- Born: Paddington, London, England
- Other name: Multiple Sclerosis Fashionista
- Education: Middlesex University
- Occupations: stylist, podcaster and disability rights advocate
- Website: https://www.themultiplesclerosisfashionista.com/

= Roxy Murray =

Roxy Murray is a British stylist, podcaster and disability rights advocate. She is the founder of The Sick and Sickening podcast and is known as the "Multiple Sclerosis Fashionista."

== Biography ==
Murray was born in Paddington, London. In 2014, Murray was diagnosed with multiple sclerosis (MS) whilst studying Fashion Design, Styling and Promotion at Middlesex University. She has written about her journey to diagnosis for the Multiple Sclerosis Trust.
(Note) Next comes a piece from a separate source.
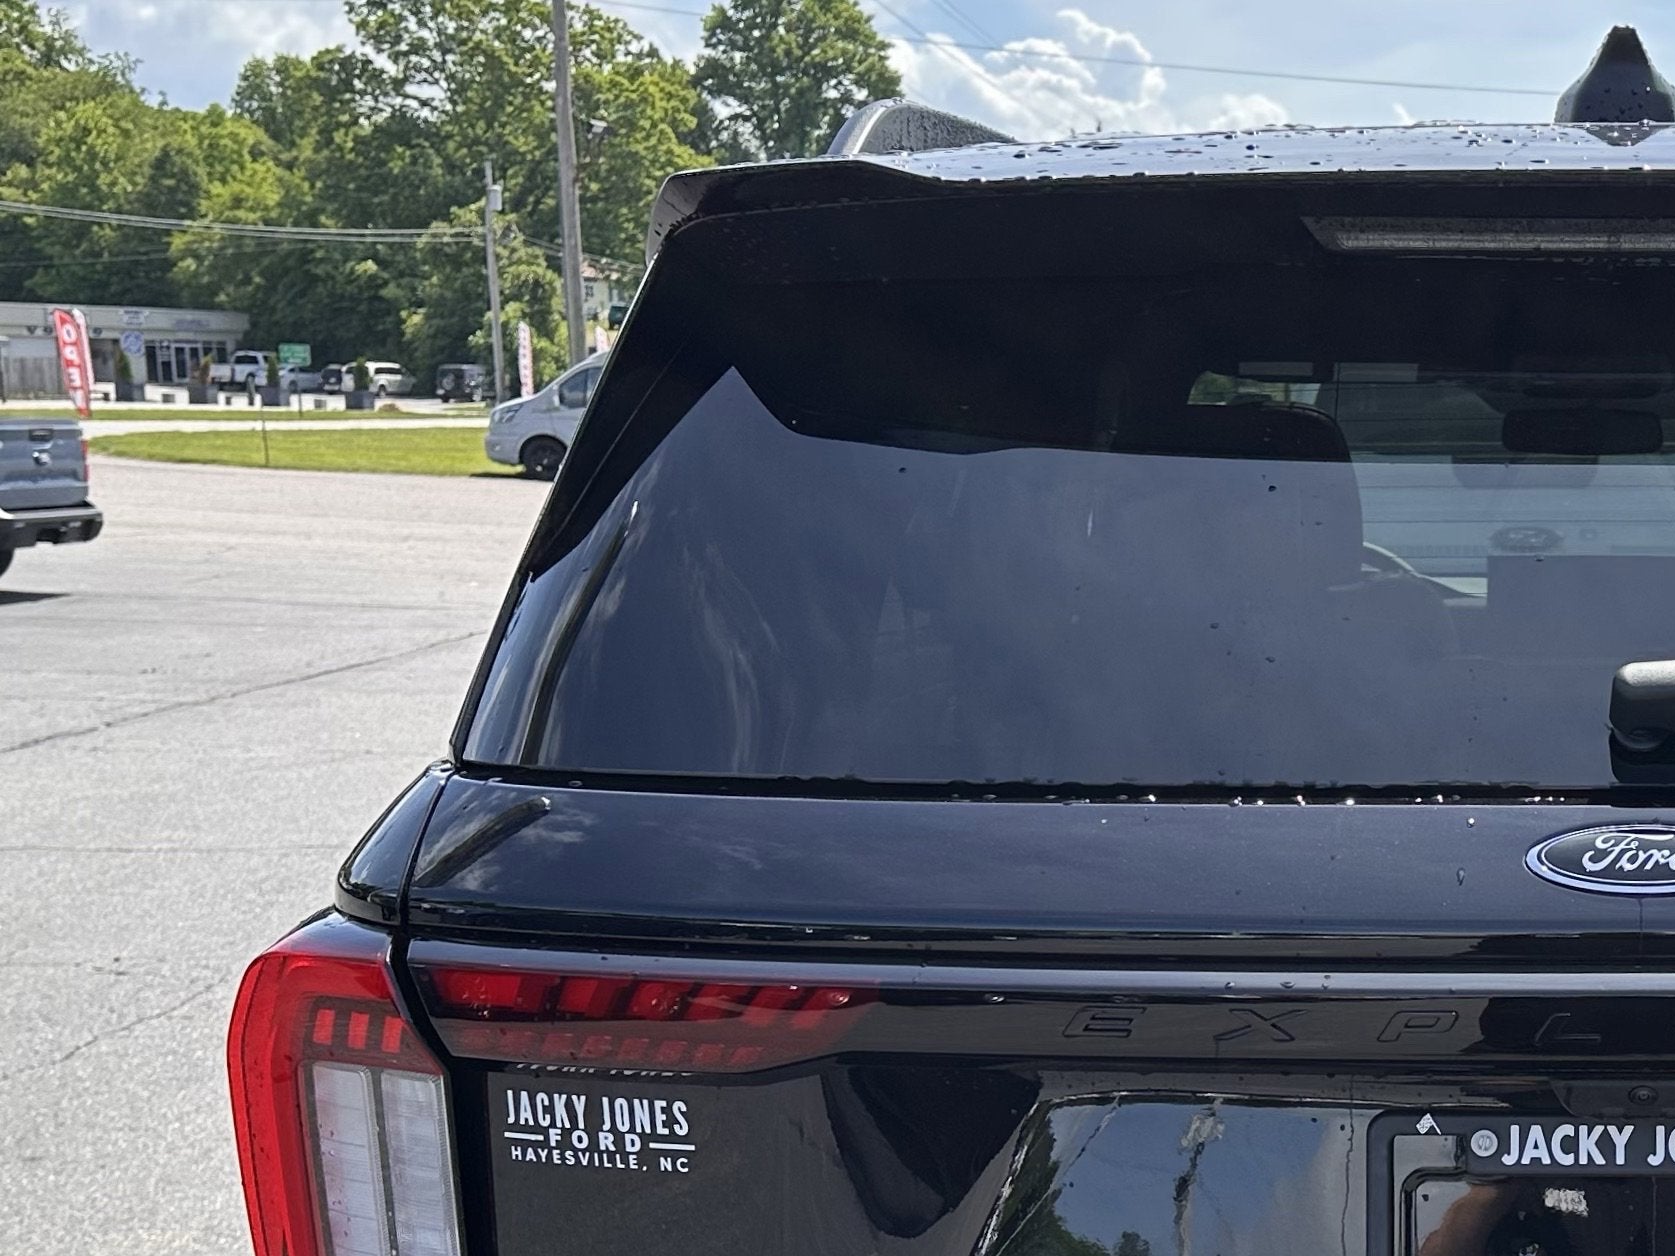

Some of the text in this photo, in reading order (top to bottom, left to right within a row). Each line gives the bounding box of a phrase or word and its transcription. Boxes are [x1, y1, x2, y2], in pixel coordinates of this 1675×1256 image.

Murray is a disability rights advocate and is the founder and host of The Sick and Sickening Podcast. She has campaigned for the sexual rights of disabled people, raising awareness of how people with disabilities are "desexualised, ignored and under-represented" in society and medicine, sharing stories of her experiences in dating and exploring her sexuality with her disability, and collaborating on the Channel 5 programme Adults Only Sexual Healing.

Murray has also worked as a stylist and walked the catwalk at London Fashion Week for the adaptive fashion brand Unhidden Fashion, founded by Victoria Jenkins. She advocates for stylish accessible and adaptable clothing. She has also highlighted the disability employment gap in the UK.

Murray was named a BBC 100 Women in 2024. She is also recognised on the Shaw Trust's Disability Power 100 list.

In June 2025, Murray was awarded an honorary degree by her alma mater Middlesex University in "recognition of her work in fashion, disability advocacy, and inclusion."